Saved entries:
※ ※ ※

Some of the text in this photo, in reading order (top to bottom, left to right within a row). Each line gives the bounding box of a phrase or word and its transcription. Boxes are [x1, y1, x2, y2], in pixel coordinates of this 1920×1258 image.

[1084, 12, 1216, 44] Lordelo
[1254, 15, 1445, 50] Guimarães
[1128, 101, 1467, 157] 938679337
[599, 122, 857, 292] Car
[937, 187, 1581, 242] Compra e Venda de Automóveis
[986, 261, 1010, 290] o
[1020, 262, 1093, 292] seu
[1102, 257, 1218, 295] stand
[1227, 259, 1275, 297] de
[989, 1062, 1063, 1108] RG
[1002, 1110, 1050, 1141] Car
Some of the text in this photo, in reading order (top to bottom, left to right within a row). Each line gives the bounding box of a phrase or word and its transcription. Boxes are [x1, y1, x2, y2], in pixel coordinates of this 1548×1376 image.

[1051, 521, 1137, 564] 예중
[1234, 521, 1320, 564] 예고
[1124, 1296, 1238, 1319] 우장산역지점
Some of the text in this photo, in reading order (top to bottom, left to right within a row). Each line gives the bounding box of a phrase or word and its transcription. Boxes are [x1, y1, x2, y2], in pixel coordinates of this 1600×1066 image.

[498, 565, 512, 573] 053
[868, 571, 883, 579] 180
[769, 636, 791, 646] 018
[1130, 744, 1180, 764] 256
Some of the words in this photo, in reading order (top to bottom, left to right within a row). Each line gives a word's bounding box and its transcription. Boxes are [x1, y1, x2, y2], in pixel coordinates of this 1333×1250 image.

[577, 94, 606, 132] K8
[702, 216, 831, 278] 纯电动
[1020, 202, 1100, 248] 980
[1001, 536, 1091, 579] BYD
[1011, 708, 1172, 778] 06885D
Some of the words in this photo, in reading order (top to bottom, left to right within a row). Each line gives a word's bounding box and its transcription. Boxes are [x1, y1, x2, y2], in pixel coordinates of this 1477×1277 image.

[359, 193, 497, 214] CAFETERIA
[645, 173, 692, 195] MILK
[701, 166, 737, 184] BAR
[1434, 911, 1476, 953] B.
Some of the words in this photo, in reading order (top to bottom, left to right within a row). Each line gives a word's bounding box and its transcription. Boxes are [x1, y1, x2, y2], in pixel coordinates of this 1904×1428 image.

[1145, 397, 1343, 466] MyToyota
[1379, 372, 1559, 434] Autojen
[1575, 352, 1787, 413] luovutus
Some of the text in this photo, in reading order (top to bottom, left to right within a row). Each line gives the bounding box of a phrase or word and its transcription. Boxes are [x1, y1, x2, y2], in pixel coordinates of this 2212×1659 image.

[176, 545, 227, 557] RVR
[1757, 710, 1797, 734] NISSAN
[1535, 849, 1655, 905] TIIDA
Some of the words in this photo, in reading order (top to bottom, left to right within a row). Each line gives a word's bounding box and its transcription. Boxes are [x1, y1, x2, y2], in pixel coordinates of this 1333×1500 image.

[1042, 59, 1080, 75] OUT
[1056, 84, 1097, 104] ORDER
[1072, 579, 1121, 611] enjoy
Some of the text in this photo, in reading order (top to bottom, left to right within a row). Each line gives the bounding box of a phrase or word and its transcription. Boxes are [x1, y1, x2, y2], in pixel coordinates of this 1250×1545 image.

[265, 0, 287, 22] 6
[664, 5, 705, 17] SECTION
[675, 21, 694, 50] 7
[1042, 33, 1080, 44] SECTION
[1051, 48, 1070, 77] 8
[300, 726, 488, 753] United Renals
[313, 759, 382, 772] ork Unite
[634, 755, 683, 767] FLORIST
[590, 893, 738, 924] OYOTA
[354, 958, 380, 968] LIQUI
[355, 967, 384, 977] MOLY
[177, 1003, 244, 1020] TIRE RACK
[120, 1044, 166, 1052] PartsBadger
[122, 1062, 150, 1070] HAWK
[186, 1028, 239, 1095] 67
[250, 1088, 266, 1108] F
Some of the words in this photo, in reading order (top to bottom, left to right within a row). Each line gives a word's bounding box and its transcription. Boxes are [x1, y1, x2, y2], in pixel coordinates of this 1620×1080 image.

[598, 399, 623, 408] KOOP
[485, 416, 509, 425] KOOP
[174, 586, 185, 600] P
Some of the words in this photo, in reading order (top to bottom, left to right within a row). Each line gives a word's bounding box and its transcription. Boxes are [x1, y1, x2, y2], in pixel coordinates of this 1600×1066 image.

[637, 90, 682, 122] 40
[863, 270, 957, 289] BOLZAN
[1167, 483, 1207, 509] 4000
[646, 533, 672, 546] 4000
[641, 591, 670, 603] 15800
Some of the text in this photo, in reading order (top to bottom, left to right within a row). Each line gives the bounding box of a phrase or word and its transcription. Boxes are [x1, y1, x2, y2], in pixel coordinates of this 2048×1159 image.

※ ※ ※

#### [Problem]
All records shown above must be set down again verbatim.

#### [Your solution]
Some of the text in this photo, in reading order (top to bottom, left to right within a row). Each line gives the bounding box of a phrase or word and its transcription. Boxes are [x1, y1, x2, y2], in pixel coordinates of this 1920×1258 image.

[1084, 12, 1216, 44] Lordelo
[1254, 15, 1445, 50] Guimarães
[1128, 101, 1467, 157] 938679337
[599, 122, 857, 292] Car
[937, 187, 1581, 242] Compra e Venda de Automóveis
[986, 261, 1010, 290] o
[1020, 262, 1093, 292] seu
[1102, 257, 1218, 295] stand
[1227, 259, 1275, 297] de
[989, 1062, 1063, 1108] RG
[1002, 1110, 1050, 1141] Car
Some of the text in this photo, in reading order (top to bottom, left to right within a row). Each line gives the bounding box of a phrase or word and its transcription. Boxes are [x1, y1, x2, y2], in pixel coordinates of this 1548×1376 image.

[1051, 521, 1137, 564] 예중
[1234, 521, 1320, 564] 예고
[1124, 1296, 1238, 1319] 우장산역지점
Some of the text in this photo, in reading order (top to bottom, left to right within a row). Each line gives the bounding box of a phrase or word and its transcription. Boxes are [x1, y1, x2, y2], in pixel coordinates of this 1600×1066 image.

[498, 565, 512, 573] 053
[868, 571, 883, 579] 180
[769, 636, 791, 646] 018
[1130, 744, 1180, 764] 256
Some of the words in this photo, in reading order (top to bottom, left to right within a row). Each line gives a word's bounding box and its transcription. Boxes are [x1, y1, x2, y2], in pixel coordinates of this 1333×1250 image.

[577, 94, 606, 132] K8
[702, 216, 831, 278] 纯电动
[1020, 202, 1100, 248] 980
[1001, 536, 1091, 579] BYD
[1011, 708, 1172, 778] 06885D
Some of the words in this photo, in reading order (top to bottom, left to right within a row). Each line gives a word's bounding box and its transcription. Boxes are [x1, y1, x2, y2], in pixel coordinates of this 1477×1277 image.

[359, 193, 497, 214] CAFETERIA
[645, 173, 692, 195] MILK
[701, 166, 737, 184] BAR
[1434, 911, 1476, 953] B.
Some of the words in this photo, in reading order (top to bottom, left to right within a row). Each line gives a word's bounding box and its transcription. Boxes are [x1, y1, x2, y2], in pixel coordinates of this 1904×1428 image.

[1145, 397, 1343, 466] MyToyota
[1379, 372, 1559, 434] Autojen
[1575, 352, 1787, 413] luovutus
Some of the text in this photo, in reading order (top to bottom, left to right within a row). Each line gives the bounding box of a phrase or word and its transcription. Boxes are [x1, y1, x2, y2], in pixel coordinates of this 2212×1659 image.

[176, 545, 227, 557] RVR
[1757, 710, 1797, 734] NISSAN
[1535, 849, 1655, 905] TIIDA
Some of the words in this photo, in reading order (top to bottom, left to right within a row). Each line gives a word's bounding box and its transcription. Boxes are [x1, y1, x2, y2], in pixel coordinates of this 1333×1500 image.

[1042, 59, 1080, 75] OUT
[1056, 84, 1097, 104] ORDER
[1072, 579, 1121, 611] enjoy
Some of the text in this photo, in reading order (top to bottom, left to right within a row). Each line gives the bounding box of a phrase or word and its transcription. Boxes are [x1, y1, x2, y2], in pixel coordinates of this 1250×1545 image.

[265, 0, 287, 22] 6
[664, 5, 705, 17] SECTION
[675, 21, 694, 50] 7
[1042, 33, 1080, 44] SECTION
[1051, 48, 1070, 77] 8
[300, 726, 488, 753] United Renals
[313, 759, 382, 772] ork Unite
[634, 755, 683, 767] FLORIST
[590, 893, 738, 924] OYOTA
[354, 958, 380, 968] LIQUI
[355, 967, 384, 977] MOLY
[177, 1003, 244, 1020] TIRE RACK
[120, 1044, 166, 1052] PartsBadger
[122, 1062, 150, 1070] HAWK
[186, 1028, 239, 1095] 67
[250, 1088, 266, 1108] F
Some of the words in this photo, in reading order (top to bottom, left to right within a row). Each line gives a word's bounding box and its transcription. Boxes are [x1, y1, x2, y2], in pixel coordinates of this 1620×1080 image.

[598, 399, 623, 408] KOOP
[485, 416, 509, 425] KOOP
[174, 586, 185, 600] P
Some of the words in this photo, in reading order (top to bottom, left to right within a row). Each line gives a word's bounding box and its transcription. Boxes are [x1, y1, x2, y2], in pixel coordinates of this 1600×1066 image.

[637, 90, 682, 122] 40
[863, 270, 957, 289] BOLZAN
[1167, 483, 1207, 509] 4000
[646, 533, 672, 546] 4000
[641, 591, 670, 603] 15800
Some of the text in this photo, in reading order (top to bottom, left to right within a row). Each line gives the bounding box of a phrase or word and its transcription. Boxes are [x1, y1, x2, y2], in pixel coordinates of this 2048×1159 image.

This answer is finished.